Reputation: 725
I've been running training jobs using SageMaker Python SDK on SageMaker notebook instances and locally using IAM credentials. They are working fine but I want to be able to start a training job via AWS Lambda + Gateway.
Lambda does not support SageMaker SDK (High-level SDK) so I am forced to use the SageMaker client from boto3
in my Lambda handler, e.g.
sagemaker = boto3.client('sagemaker')
Supposedly this boto3 service-level SDK would give me 100% control, but I can't find the argument or config name to specify a source directory and an entry point. I am running a custom training job that requires some data generation (using Keras generator) on the flight.

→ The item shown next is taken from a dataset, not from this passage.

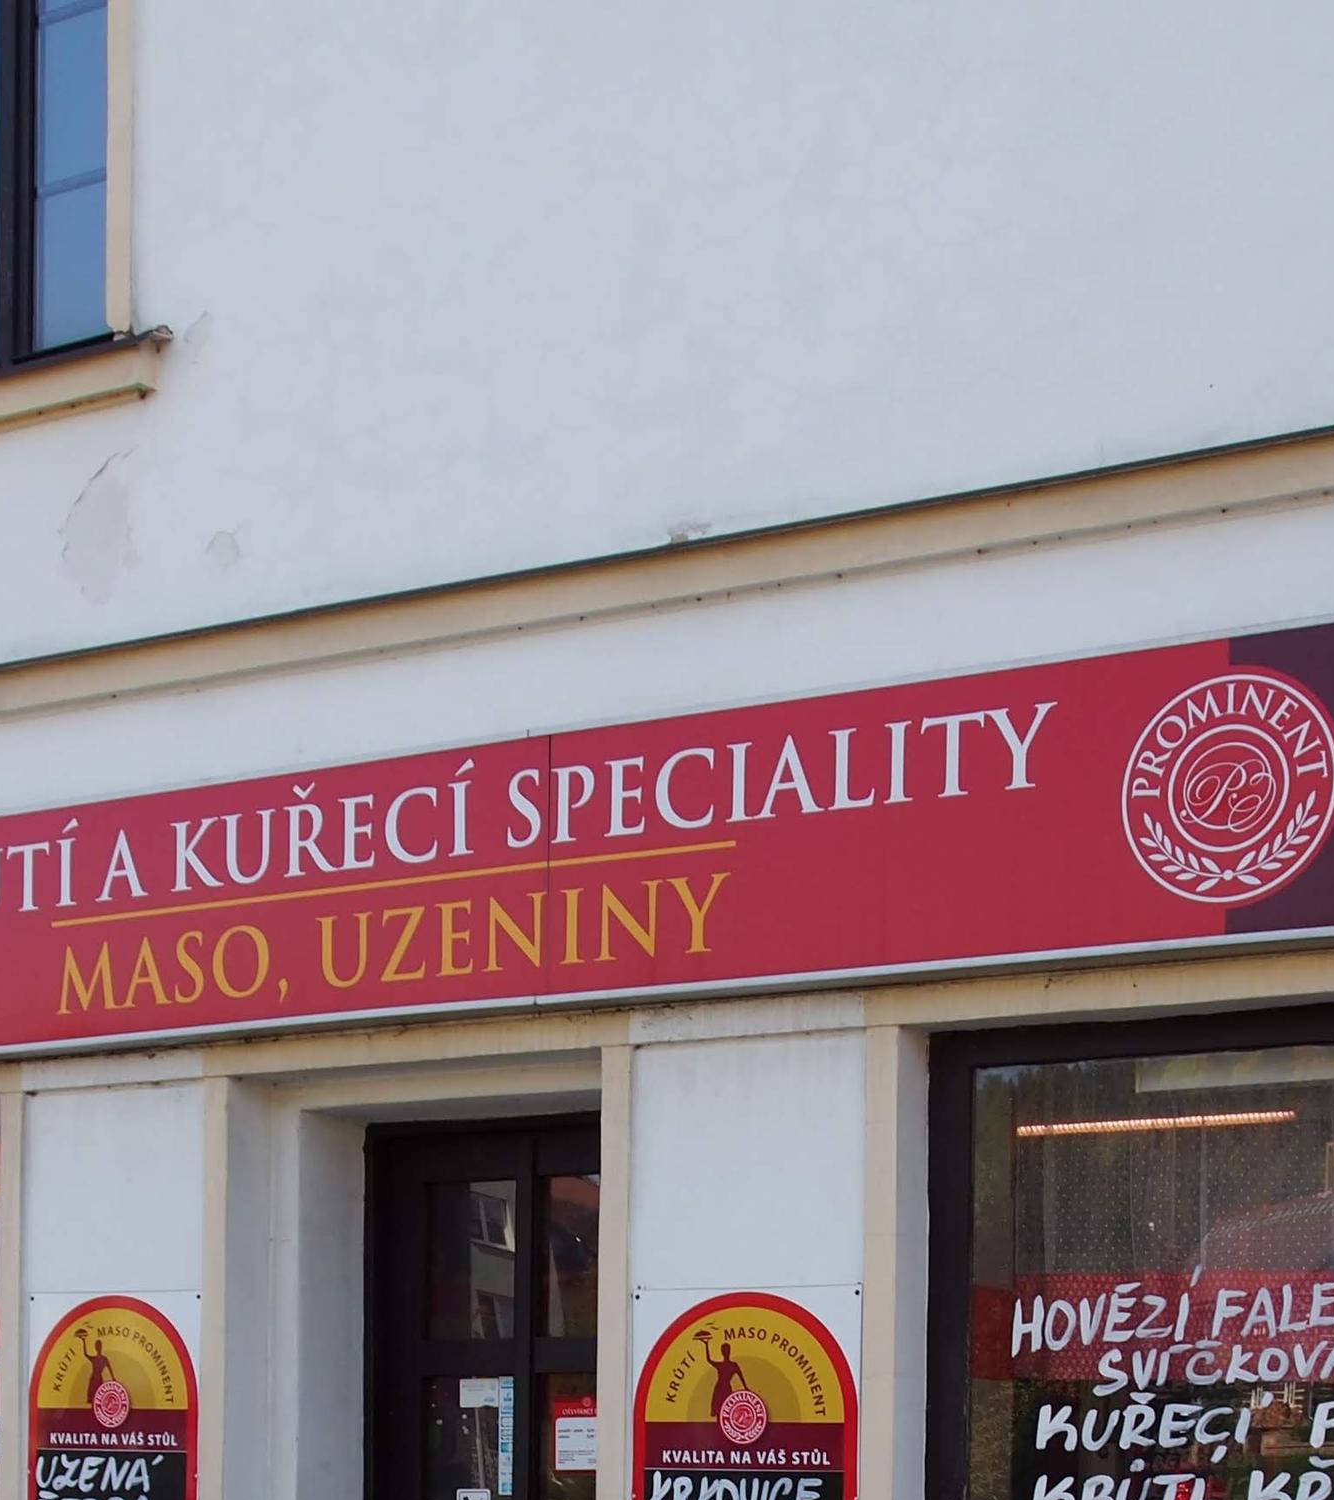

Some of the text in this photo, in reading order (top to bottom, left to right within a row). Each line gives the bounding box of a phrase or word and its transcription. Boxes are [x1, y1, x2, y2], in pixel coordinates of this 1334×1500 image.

Here's an example of my SageMaker SDK call
tf_estimator = TensorFlow(base_job_name='tensorflow-nn-training',
role=sagemaker.get_execution_role(),
source_dir=training_src_path,
code_location=training_code_path,
output_path=training_output_path,
dependencies=['requirements.txt'],
entry_point='main.py',
script_mode=True,
instance_count=1,
instance_type='ml.g4dn.2xlarge',
framework_version='2.3',
py_version='py37',
hyperparameters={
'model-name': 'my-model-name',
'epochs': 1000,
'batch-size': 64,
'learning-rate': 0.01,
'training-split': 0.80,
'patience': 50,
})
The input path is injected via calling fit()
input_channels = {
'train': training_input_path,
}
tf_estimator.fit(inputs=input_channels)
source_dir
is a S3 URI to find my src.zip.gz
which contains the model and script to
perform a training.entry_point
is where the training begins. TensorFlow container simply runs python main.py
code_location
is a S3 prefix where training source code can be uploaded to if I were to run
this training locally using local model and script.output_path
is a S3 URI where the training job will upload model artifacts to.However, I went through the documentation for SageMaker.Client.create_training_job, I couldn't find any field that allows me to set a source directory and entry point.
Here's an example,
sagemaker = boto3.client('sagemaker')
sagemaker.create_training_job(
TrainingJobName='tf-training-job-from-lambda',
Hyperparameters={} # Same dictionary as above,
AlgorithmSpecification={
'TrainingImage': '763104351884.dkr.ecr.us-west-1.amazonaws.com/tensorflow-training:2.3.1-gpu-py37-cu110-ubuntu18.04',
'TrainingInputMode': 'File',
'EnableSageMakerMetricsTimeSeries': True
},
RoleArn='My execution role goes here',
InputDataConfig=[
{
'ChannelName': 'train',
'DataSource': {
'S3DataSource': {
'S3DataType': 'S3Prefix',
'S3Uri': training_input_path,
'S3DataDistributionType': 'FullyReplicated'
}
},
'CompressionType': 'None',
'RecordWrapperType': 'None',
'InputMode': 'File',
}
],
OutputDataConfig={
'S3OutputPath': training_output_path,
}
ResourceConfig={
'InstanceType': 'ml.g4dn.2xlarge',
'InstanceCount': 1,
'VolumeSizeInGB': 16
}
StoppingCondition={
'MaxRuntimeInSeconds': 600 # 10 minutes for testing
}
)
From the config above, the SDK accepts training input and output location, but which config field allows user to specify the source code directory and entry point?
Upvotes: 0
Views: 4329
Reputation: 66
You can pass the source_dir to Hyperparameters like this:
response = sm_boto3.create_training_job(
TrainingJobName=f"{your job name}"),
HyperParameters={
'model-name': 'my-model-name',
'epochs': 1000,
'batch-size': 64,
'learning-rate': 0.01,
'training-split': 0.80,
'patience': 50,
"sagemaker_program": "script.py", # this is where you specify your train script
"sagemaker_submit_directory": "s3://" + bucket + "/" + project + "/" + source, # your s3 URI like s3://sm/tensorflow/source/sourcedir.tar.gz
},
AlgorithmSpecification={
"TrainingImage": training_image,
...
},
Note: make sure it's xxx.tar.gz otherwise. Otherwise Sagemaker will throw errors.
Upvotes: 1